Ruby mengatakan, Piala Dunia memang kerap menjadi momentum besar untuk mempromosikan judi online. Karena pelaku berharap semakin banyak orang melihat promosi tersebut dan akhirnya tertarik mencoba judi online piala dunia.
"Event seperti Piala Dunia memang menjadi momentum yang mereka incar. Dengan bantuan bot komersial, penyebaran komentar spam bisa dilakukan secara jauh lebih masit," kata dia.

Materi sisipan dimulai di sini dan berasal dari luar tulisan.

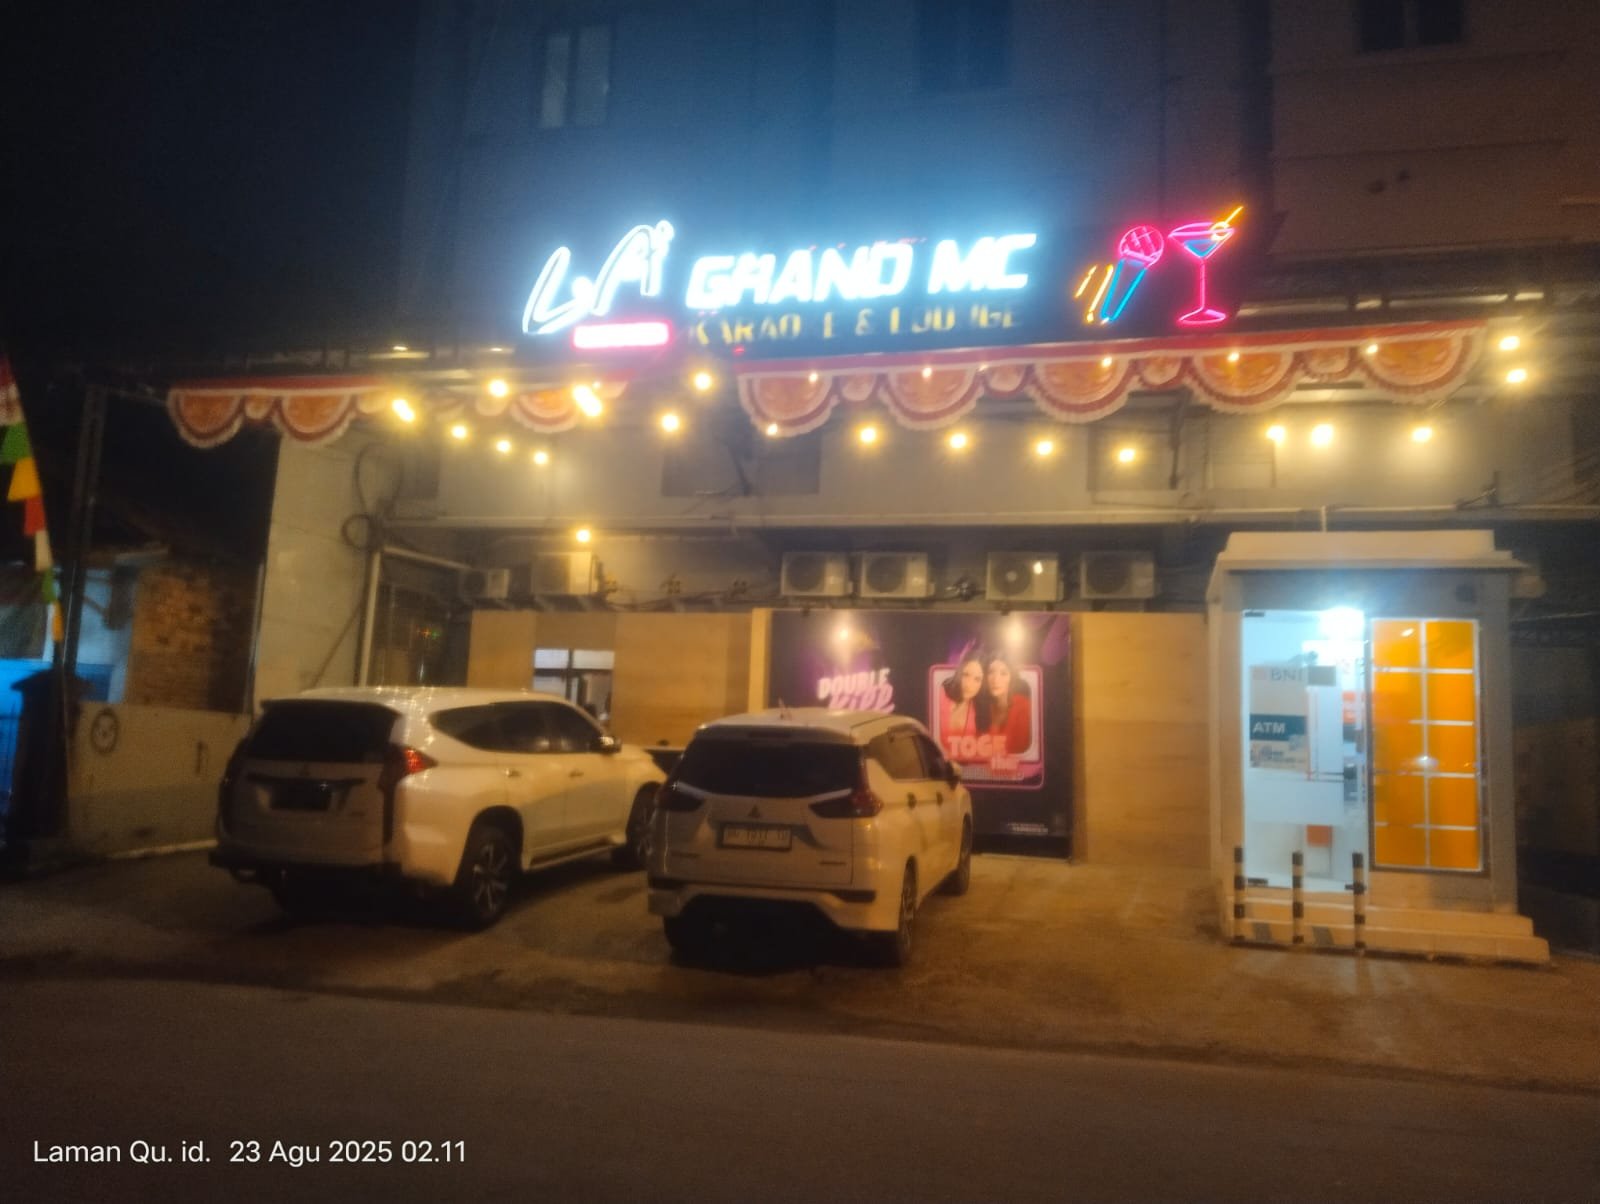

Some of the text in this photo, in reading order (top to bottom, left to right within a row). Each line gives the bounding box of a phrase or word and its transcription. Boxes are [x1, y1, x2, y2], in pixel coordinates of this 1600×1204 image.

[685, 233, 1036, 309] GRAND MC
[816, 666, 891, 701] DOUBLE
[1252, 721, 1286, 735] ATM
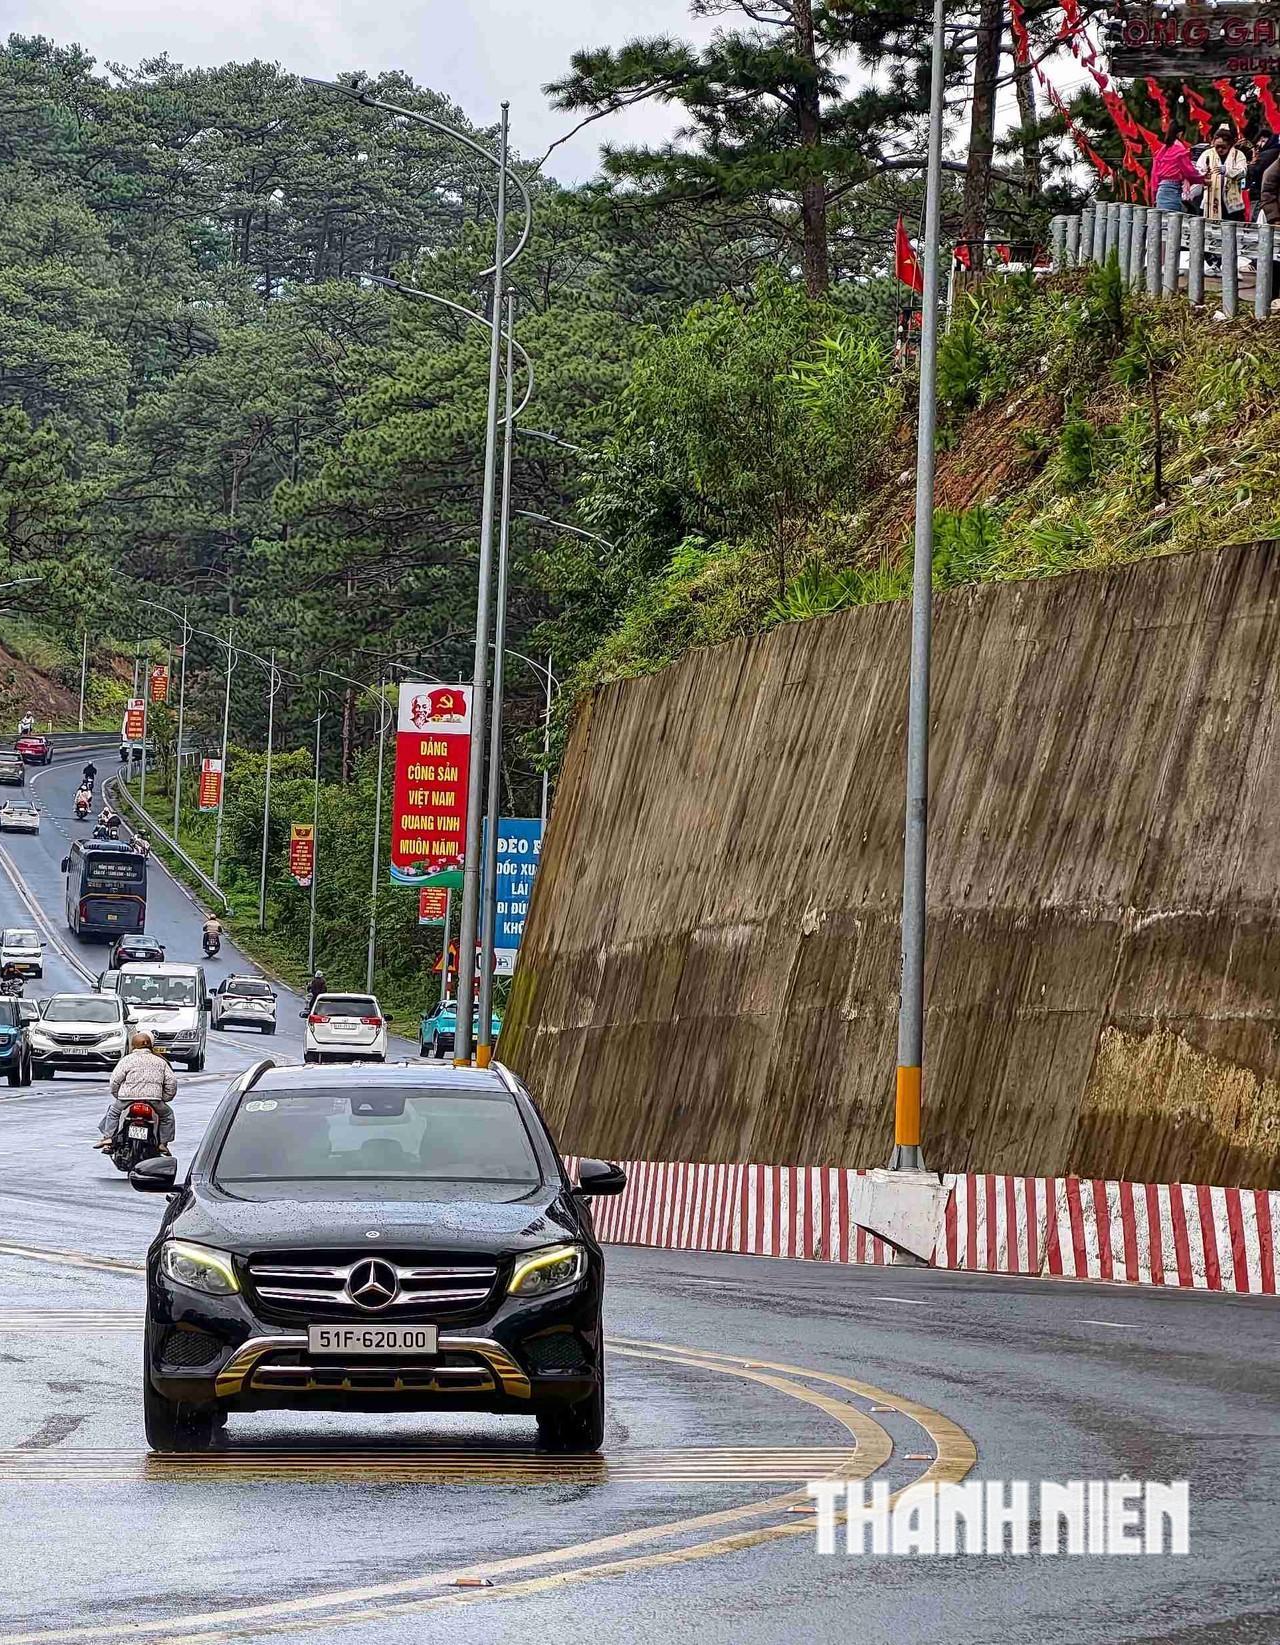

Bagaimana menyiasatinya? Dari sudut pandang digital forensik, Ruby menilai setiap sistem pasti memiliki pola tertentu yang dapat dipelajari. Menurutnya, langkah pertama yang perlu dilakukan adalah memperoleh dan menganalisis bot komersial yang digunakan pelaku.
Melalui proses forensik digital, akan bisa dipelajari cara kerja, metode, hingga teknik otomatisasi yang digunakan. Hal itu kemudian menjadi dasar penyusunan mekanisme deteksi dan pemblokiran.
"Namanya juga tools, pasti punya metode, teknik, dan pola kerja. Kalau kita bisa mendapatkan bot tersebut lalu mempelajarinya secara forensik, kita bisa menemukan pattern yang kemudian digunakan untuk membangun sistem pencegahan," ujar Ruby.